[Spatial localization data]

----

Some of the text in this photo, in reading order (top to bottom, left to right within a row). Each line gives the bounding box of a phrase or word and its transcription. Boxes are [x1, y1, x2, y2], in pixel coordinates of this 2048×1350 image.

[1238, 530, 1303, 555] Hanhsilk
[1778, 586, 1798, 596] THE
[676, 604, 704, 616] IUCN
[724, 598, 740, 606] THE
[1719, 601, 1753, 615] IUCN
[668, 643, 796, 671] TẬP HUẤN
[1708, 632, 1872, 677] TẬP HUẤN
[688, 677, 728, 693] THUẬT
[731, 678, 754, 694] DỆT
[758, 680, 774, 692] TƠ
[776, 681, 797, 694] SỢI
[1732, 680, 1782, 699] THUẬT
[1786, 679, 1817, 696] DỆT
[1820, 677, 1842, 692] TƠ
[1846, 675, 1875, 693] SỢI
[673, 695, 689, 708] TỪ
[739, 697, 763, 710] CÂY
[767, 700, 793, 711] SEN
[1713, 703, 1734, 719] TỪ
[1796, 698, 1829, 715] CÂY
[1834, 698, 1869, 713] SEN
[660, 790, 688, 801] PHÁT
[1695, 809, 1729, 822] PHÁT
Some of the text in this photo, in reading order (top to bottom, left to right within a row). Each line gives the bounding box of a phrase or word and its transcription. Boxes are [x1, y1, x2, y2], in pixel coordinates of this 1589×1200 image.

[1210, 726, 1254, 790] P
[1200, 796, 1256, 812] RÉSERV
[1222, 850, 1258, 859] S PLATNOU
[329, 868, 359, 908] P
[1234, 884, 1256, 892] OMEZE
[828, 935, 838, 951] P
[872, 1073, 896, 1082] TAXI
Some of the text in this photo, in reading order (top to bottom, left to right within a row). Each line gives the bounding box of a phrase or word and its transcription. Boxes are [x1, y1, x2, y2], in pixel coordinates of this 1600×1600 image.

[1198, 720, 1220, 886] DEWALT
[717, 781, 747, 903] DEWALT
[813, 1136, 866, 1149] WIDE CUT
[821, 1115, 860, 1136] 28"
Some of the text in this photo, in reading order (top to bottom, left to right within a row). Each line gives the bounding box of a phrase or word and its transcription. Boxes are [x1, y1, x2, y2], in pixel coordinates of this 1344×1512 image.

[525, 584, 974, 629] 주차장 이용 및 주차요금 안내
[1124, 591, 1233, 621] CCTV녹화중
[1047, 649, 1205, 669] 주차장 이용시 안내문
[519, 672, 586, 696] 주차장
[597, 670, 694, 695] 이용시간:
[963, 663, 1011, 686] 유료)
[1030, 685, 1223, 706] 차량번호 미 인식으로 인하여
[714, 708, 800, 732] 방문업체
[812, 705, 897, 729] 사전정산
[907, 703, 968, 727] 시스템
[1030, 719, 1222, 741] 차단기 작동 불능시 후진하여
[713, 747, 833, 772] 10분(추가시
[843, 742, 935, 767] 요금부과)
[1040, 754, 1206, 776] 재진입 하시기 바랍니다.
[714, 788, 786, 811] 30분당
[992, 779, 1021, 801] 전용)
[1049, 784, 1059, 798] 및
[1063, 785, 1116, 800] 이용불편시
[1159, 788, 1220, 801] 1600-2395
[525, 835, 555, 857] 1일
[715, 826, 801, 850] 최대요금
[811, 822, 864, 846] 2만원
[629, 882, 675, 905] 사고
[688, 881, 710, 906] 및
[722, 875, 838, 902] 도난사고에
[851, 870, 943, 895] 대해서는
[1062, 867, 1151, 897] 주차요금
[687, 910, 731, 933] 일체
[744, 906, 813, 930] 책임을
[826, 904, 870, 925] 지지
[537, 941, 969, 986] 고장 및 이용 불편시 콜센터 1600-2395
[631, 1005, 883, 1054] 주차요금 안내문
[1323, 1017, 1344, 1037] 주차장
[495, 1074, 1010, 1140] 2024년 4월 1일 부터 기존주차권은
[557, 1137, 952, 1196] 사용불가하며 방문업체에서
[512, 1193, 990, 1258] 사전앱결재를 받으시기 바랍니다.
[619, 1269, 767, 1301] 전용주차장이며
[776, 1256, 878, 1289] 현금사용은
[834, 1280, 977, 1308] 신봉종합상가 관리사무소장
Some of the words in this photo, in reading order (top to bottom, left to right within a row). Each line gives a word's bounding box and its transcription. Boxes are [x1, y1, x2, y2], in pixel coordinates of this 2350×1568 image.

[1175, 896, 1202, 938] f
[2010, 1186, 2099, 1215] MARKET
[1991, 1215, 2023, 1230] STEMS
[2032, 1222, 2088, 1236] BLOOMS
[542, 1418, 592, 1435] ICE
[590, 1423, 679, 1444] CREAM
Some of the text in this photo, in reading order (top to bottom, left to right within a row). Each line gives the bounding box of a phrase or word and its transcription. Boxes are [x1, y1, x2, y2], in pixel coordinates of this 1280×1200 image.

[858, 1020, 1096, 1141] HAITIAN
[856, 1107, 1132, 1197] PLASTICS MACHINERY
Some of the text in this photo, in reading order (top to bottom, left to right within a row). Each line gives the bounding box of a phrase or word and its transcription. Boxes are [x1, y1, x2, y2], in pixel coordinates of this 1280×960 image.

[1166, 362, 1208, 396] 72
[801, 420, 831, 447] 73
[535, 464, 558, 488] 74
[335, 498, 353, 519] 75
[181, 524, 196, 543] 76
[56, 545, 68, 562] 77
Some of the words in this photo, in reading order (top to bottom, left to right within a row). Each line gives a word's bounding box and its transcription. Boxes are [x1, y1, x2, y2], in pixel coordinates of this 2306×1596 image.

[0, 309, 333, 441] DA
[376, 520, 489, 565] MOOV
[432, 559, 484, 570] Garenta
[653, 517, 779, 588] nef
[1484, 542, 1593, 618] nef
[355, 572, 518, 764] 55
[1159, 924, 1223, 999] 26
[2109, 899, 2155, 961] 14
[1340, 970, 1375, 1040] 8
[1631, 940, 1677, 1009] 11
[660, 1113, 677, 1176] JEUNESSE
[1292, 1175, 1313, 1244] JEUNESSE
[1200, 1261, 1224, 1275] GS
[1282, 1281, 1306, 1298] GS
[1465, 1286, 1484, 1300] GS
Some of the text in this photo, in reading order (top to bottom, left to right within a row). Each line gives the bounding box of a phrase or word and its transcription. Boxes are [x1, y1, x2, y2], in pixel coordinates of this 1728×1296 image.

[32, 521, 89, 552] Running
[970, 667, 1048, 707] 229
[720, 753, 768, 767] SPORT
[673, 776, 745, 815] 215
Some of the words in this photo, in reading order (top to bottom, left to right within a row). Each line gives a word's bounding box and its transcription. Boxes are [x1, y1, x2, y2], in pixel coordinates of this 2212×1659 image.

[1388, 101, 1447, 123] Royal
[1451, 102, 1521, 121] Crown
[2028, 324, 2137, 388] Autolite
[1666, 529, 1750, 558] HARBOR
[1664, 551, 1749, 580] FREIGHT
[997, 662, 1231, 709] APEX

----

Problem description
Give the records again, complete and exact.

Problem solution
Some of the text in this photo, in reading order (top to bottom, left to right within a row). Each line gives the bounding box of a phrase or word and its transcription. Boxes are [x1, y1, x2, y2], in pixel coordinates of this 2048×1350 image.

[1238, 530, 1303, 555] Hanhsilk
[1778, 586, 1798, 596] THE
[676, 604, 704, 616] IUCN
[724, 598, 740, 606] THE
[1719, 601, 1753, 615] IUCN
[668, 643, 796, 671] TẬP HUẤN
[1708, 632, 1872, 677] TẬP HUẤN
[688, 677, 728, 693] THUẬT
[731, 678, 754, 694] DỆT
[758, 680, 774, 692] TƠ
[776, 681, 797, 694] SỢI
[1732, 680, 1782, 699] THUẬT
[1786, 679, 1817, 696] DỆT
[1820, 677, 1842, 692] TƠ
[1846, 675, 1875, 693] SỢI
[673, 695, 689, 708] TỪ
[739, 697, 763, 710] CÂY
[767, 700, 793, 711] SEN
[1713, 703, 1734, 719] TỪ
[1796, 698, 1829, 715] CÂY
[1834, 698, 1869, 713] SEN
[660, 790, 688, 801] PHÁT
[1695, 809, 1729, 822] PHÁT
Some of the text in this photo, in reading order (top to bottom, left to right within a row). Each line gives the bounding box of a phrase or word and its transcription. Boxes are [x1, y1, x2, y2], in pixel coordinates of this 1589×1200 image.

[1210, 726, 1254, 790] P
[1200, 796, 1256, 812] RÉSERV
[1222, 850, 1258, 859] S PLATNOU
[329, 868, 359, 908] P
[1234, 884, 1256, 892] OMEZE
[828, 935, 838, 951] P
[872, 1073, 896, 1082] TAXI
Some of the text in this photo, in reading order (top to bottom, left to right within a row). Each line gives the bounding box of a phrase or word and its transcription. Boxes are [x1, y1, x2, y2], in pixel coordinates of this 1600×1600 image.

[1198, 720, 1220, 886] DEWALT
[717, 781, 747, 903] DEWALT
[813, 1136, 866, 1149] WIDE CUT
[821, 1115, 860, 1136] 28"
Some of the text in this photo, in reading order (top to bottom, left to right within a row). Each line gives the bounding box of a phrase or word and its transcription. Boxes are [x1, y1, x2, y2], in pixel coordinates of this 1344×1512 image.

[525, 584, 974, 629] 주차장 이용 및 주차요금 안내
[1124, 591, 1233, 621] CCTV녹화중
[1047, 649, 1205, 669] 주차장 이용시 안내문
[519, 672, 586, 696] 주차장
[597, 670, 694, 695] 이용시간:
[963, 663, 1011, 686] 유료)
[1030, 685, 1223, 706] 차량번호 미 인식으로 인하여
[714, 708, 800, 732] 방문업체
[812, 705, 897, 729] 사전정산
[907, 703, 968, 727] 시스템
[1030, 719, 1222, 741] 차단기 작동 불능시 후진하여
[713, 747, 833, 772] 10분(추가시
[843, 742, 935, 767] 요금부과)
[1040, 754, 1206, 776] 재진입 하시기 바랍니다.
[714, 788, 786, 811] 30분당
[992, 779, 1021, 801] 전용)
[1049, 784, 1059, 798] 및
[1063, 785, 1116, 800] 이용불편시
[1159, 788, 1220, 801] 1600-2395
[525, 835, 555, 857] 1일
[715, 826, 801, 850] 최대요금
[811, 822, 864, 846] 2만원
[629, 882, 675, 905] 사고
[688, 881, 710, 906] 및
[722, 875, 838, 902] 도난사고에
[851, 870, 943, 895] 대해서는
[1062, 867, 1151, 897] 주차요금
[687, 910, 731, 933] 일체
[744, 906, 813, 930] 책임을
[826, 904, 870, 925] 지지
[537, 941, 969, 986] 고장 및 이용 불편시 콜센터 1600-2395
[631, 1005, 883, 1054] 주차요금 안내문
[1323, 1017, 1344, 1037] 주차장
[495, 1074, 1010, 1140] 2024년 4월 1일 부터 기존주차권은
[557, 1137, 952, 1196] 사용불가하며 방문업체에서
[512, 1193, 990, 1258] 사전앱결재를 받으시기 바랍니다.
[619, 1269, 767, 1301] 전용주차장이며
[776, 1256, 878, 1289] 현금사용은
[834, 1280, 977, 1308] 신봉종합상가 관리사무소장
Some of the words in this photo, in reading order (top to bottom, left to right within a row). Each line gives a word's bounding box and its transcription. Boxes are [x1, y1, x2, y2], in pixel coordinates of this 2350×1568 image.

[1175, 896, 1202, 938] f
[2010, 1186, 2099, 1215] MARKET
[1991, 1215, 2023, 1230] STEMS
[2032, 1222, 2088, 1236] BLOOMS
[542, 1418, 592, 1435] ICE
[590, 1423, 679, 1444] CREAM
Some of the text in this photo, in reading order (top to bottom, left to right within a row). Each line gives the bounding box of a phrase or word and its transcription. Boxes are [x1, y1, x2, y2], in pixel coordinates of this 1280×1200 image.

[858, 1020, 1096, 1141] HAITIAN
[856, 1107, 1132, 1197] PLASTICS MACHINERY
Some of the text in this photo, in reading order (top to bottom, left to right within a row). Each line gives the bounding box of a phrase or word and its transcription. Boxes are [x1, y1, x2, y2], in pixel coordinates of this 1280×960 image.

[1166, 362, 1208, 396] 72
[801, 420, 831, 447] 73
[535, 464, 558, 488] 74
[335, 498, 353, 519] 75
[181, 524, 196, 543] 76
[56, 545, 68, 562] 77
Some of the words in this photo, in reading order (top to bottom, left to right within a row). Each line gives a word's bounding box and its transcription. Boxes are [x1, y1, x2, y2], in pixel coordinates of this 2306×1596 image.

[0, 309, 333, 441] DA
[376, 520, 489, 565] MOOV
[432, 559, 484, 570] Garenta
[653, 517, 779, 588] nef
[1484, 542, 1593, 618] nef
[355, 572, 518, 764] 55
[1159, 924, 1223, 999] 26
[2109, 899, 2155, 961] 14
[1340, 970, 1375, 1040] 8
[1631, 940, 1677, 1009] 11
[660, 1113, 677, 1176] JEUNESSE
[1292, 1175, 1313, 1244] JEUNESSE
[1200, 1261, 1224, 1275] GS
[1282, 1281, 1306, 1298] GS
[1465, 1286, 1484, 1300] GS
Some of the text in this photo, in reading order (top to bottom, left to right within a row). Each line gives the bounding box of a phrase or word and its transcription. Boxes are [x1, y1, x2, y2], in pixel coordinates of this 1728×1296 image.

[32, 521, 89, 552] Running
[970, 667, 1048, 707] 229
[720, 753, 768, 767] SPORT
[673, 776, 745, 815] 215
Some of the words in this photo, in reading order (top to bottom, left to right within a row). Each line gives a word's bounding box and its transcription. Boxes are [x1, y1, x2, y2], in pixel coordinates of this 2212×1659 image.

[1388, 101, 1447, 123] Royal
[1451, 102, 1521, 121] Crown
[2028, 324, 2137, 388] Autolite
[1666, 529, 1750, 558] HARBOR
[1664, 551, 1749, 580] FREIGHT
[997, 662, 1231, 709] APEX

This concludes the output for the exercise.